The anterior horn cell, its peripheral nerve and all the muscles fibres it innervates is called a motor unit. The size of the motor unit is proportional to the number of muscle fibres it contains.

Sensory System

Sensory neurons within the peripheral nervous system are located in the dorsal root ganglia just outside the spinal cord. They differ from motor neurons in having not one but two extruded nerve fibres, hence the name bipolar cells. The peripheral, distal fibre brings in impulses from the limbs or trunk. It also participates with the motor nerves in the formation of plexuses. The centrally projecting fibre from the dorsal root ganglion runs into the spinal cord via the dorsal root and then follows one of two main pathways.

Nerves carrying pain, temperature and deep touch sensations cross the midline and form synapses in the posterior horns of the spinal grey matter. From here the lateral spinothalamic tracts relay signals to the cerebral cortex after making further synaptic connections in the thalamus.

Nerves carrying light touch and proprioceptive sensations do not cross the midline at this stage. They enter tracts called the dorsal columns which synapse in the cuneate and gracile nuclei located in the medulla. They then cross the midline in the medial lemniscus tract to the thalamus. Here they also engage in further synaptic activity before their onward journey to the cerebral cortex.

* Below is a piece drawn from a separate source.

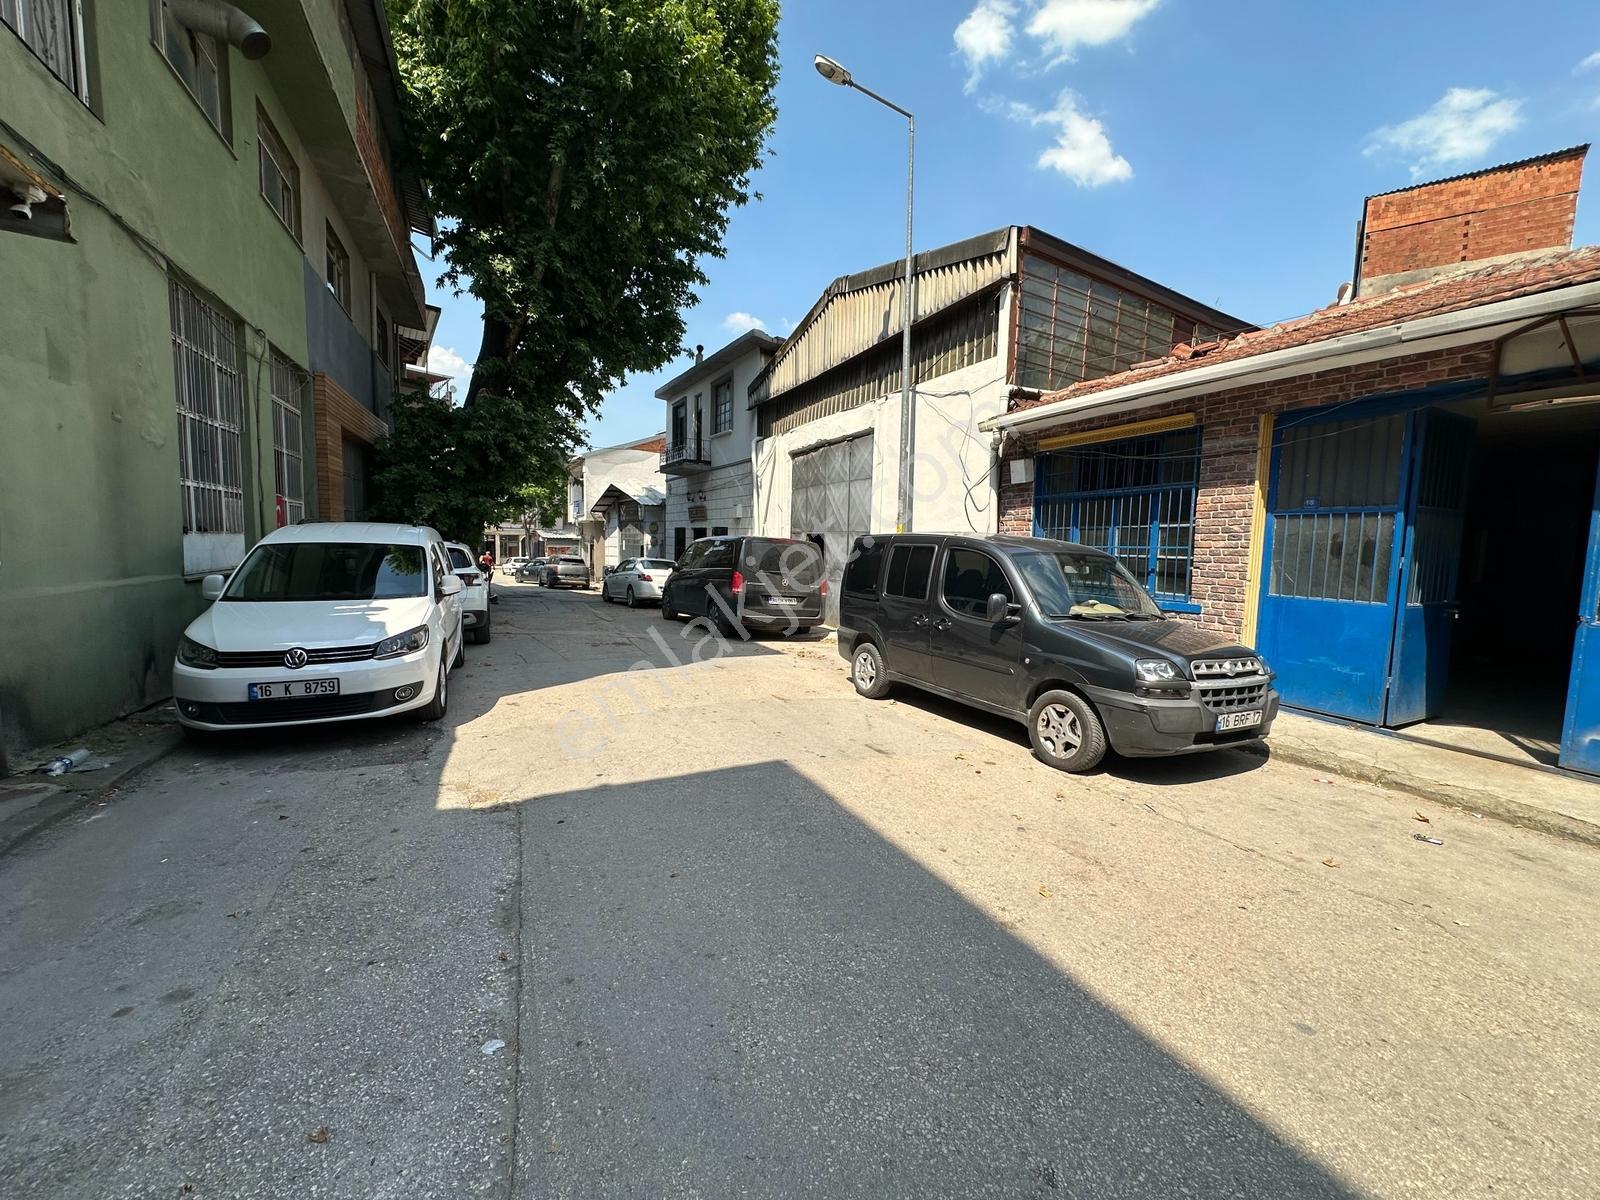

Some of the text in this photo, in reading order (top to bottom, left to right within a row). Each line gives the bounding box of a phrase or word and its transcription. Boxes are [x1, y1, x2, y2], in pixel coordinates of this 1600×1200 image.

[259, 681, 336, 697] 16 K 8759
[1221, 715, 1230, 728] 16
[1233, 713, 1251, 727] BRF

There is an exception to this general trend of relays mediated via multiple synapses. Nerves from the intrafusal muscle spindles, which signal information about its length, form a monosynaptic link with the anterior horn cells supplying the force-producing extrafusal fibres of the same muscle. This will be discussed further when we consider the H-reflex in Chapter 17, ‘Other Techniques: F-waves and H-reflexes’. The intrafusal and extrafusal muscle fibres are discussed more fully in Chapter 6, ‘Muscle’.

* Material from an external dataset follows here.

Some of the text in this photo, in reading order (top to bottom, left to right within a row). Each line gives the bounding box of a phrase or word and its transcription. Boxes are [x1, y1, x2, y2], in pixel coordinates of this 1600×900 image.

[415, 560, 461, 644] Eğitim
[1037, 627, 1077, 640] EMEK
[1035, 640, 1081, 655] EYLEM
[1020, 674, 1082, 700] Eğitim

Soma, Axon Hillock and Initial Segment

We are now in a position to consider how an impulse from the spinal cord begins its journey to a muscle.

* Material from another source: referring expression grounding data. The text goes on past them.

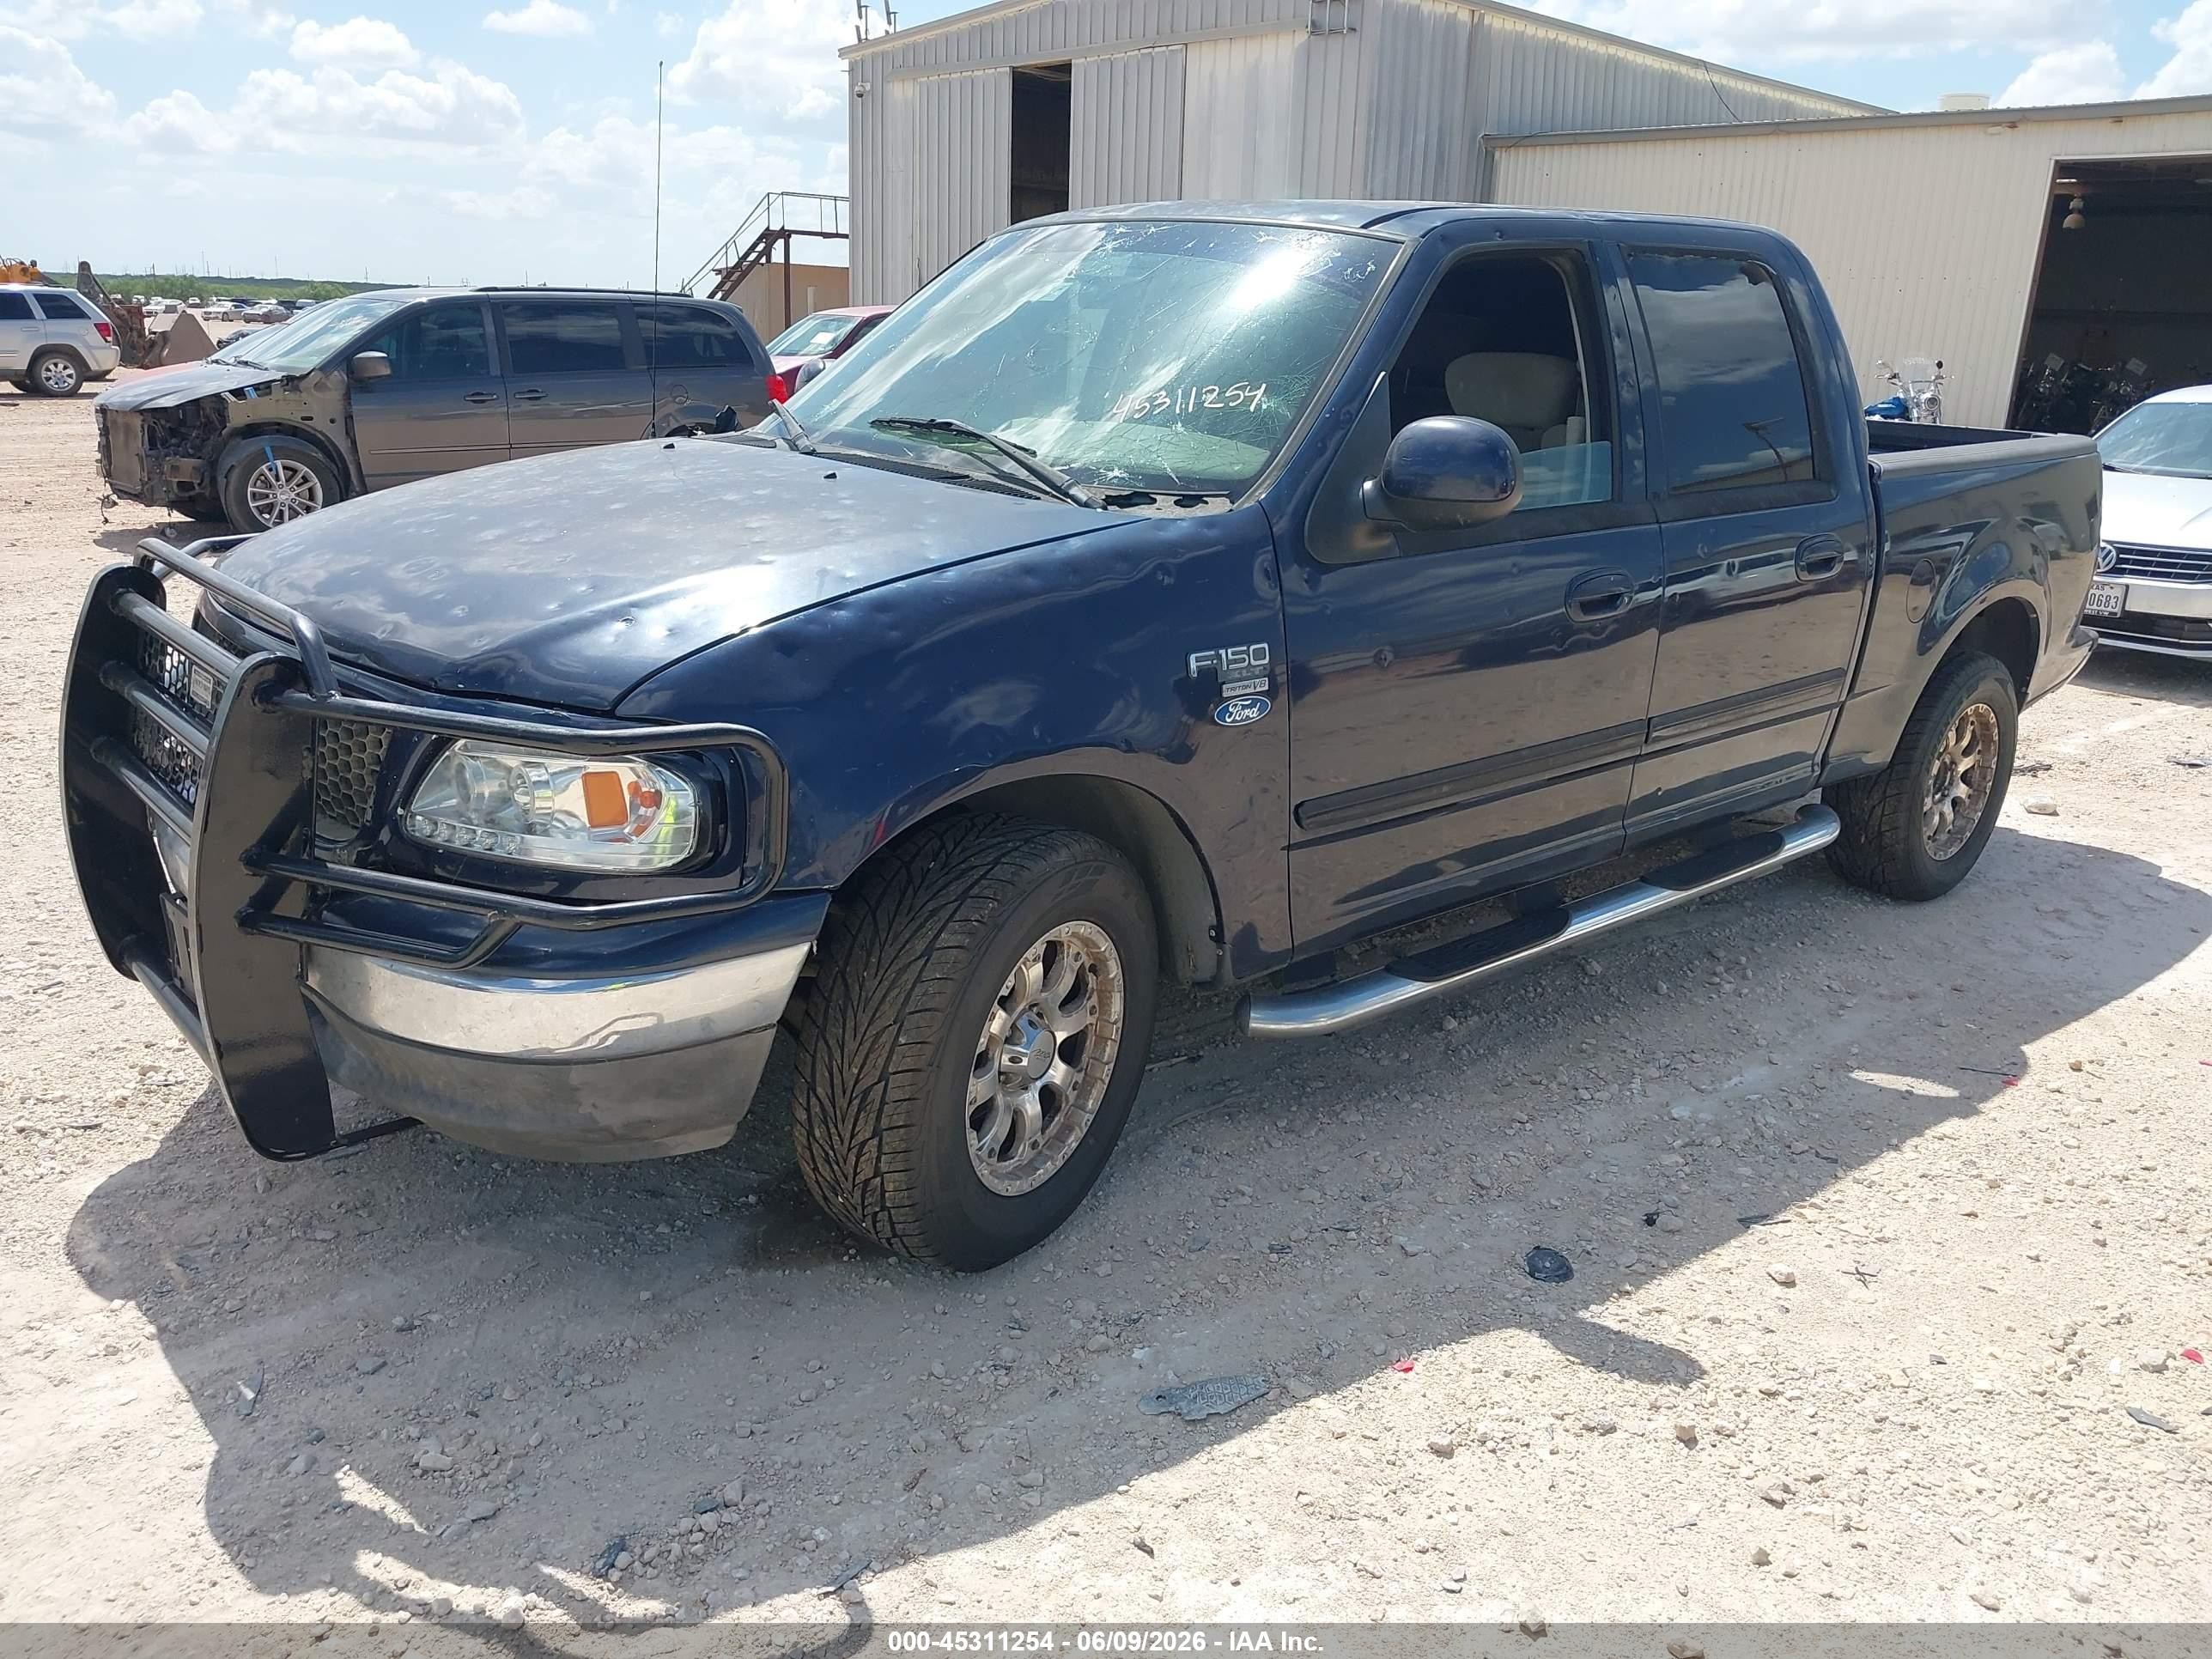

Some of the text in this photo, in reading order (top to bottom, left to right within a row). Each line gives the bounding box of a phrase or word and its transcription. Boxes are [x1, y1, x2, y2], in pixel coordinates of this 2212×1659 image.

[1112, 382, 1267, 423] 45311254
[2088, 592, 2119, 610] 0683
[1189, 642, 1270, 678] F-150
[1225, 679, 1267, 693] TRITON V8
[1225, 700, 1261, 722] Ford

As we have seen, the soma – in this case, the anterior horn cell – has numerous small projections called dendrites and a long, extruded portion, the axon, which forms the peripheral motor nerve fibre. The activity in the connections between the axon terminals from other nerves and these anterior horn cell dendrites determines the activity of the soma and hence its nerve.

Neurotransmitters cross the junctions between these connection, the synapses, and induce either an excitatory or inhibitory potential in the soma. These are known as excitatory post-synaptic potentials (EPSPs) or inhibitory post-synaptic potentials (IPSPs), respectively. A single EPSP is insufficient to generate a so-called action potential in the axon, that is to say, a potential that will be propagated down the nerve. Both EPSPs and IPSPs may be augmented by spatial and/or temporal summation. In spatial summation, the effects of activity in multiple dendrites are summed. In temporal summation, the effects of repeated activity at a single dendrite are summed. The algebraic summations of the EPSPs and IPSPs then determine if the soma has been sufficiently depolarised to generate an action potential. If so, the soma is said to fire. How is this achieved? The currents from these potentials are routed to a bulge in the soma called the axon hillock from which the axon itself arises. The axon hillock and the so-called initial segment of the axon leading from it are both especially sensitive to depolarisation as they contain very high concentrations of sodium channels which facilitate the entry of sodium ions.

In this way, the soma weighs the evidence of incoming signals in determining whether or not to fire. When it does decide to do so, the physiology of the peripheral nerve means that there is no going back in either sense of the term. This relates to something called the absolute refractory period which, together with further details of the depolarisation process, will be described in Chapter 4, ‘Peripheral Nerve Function’.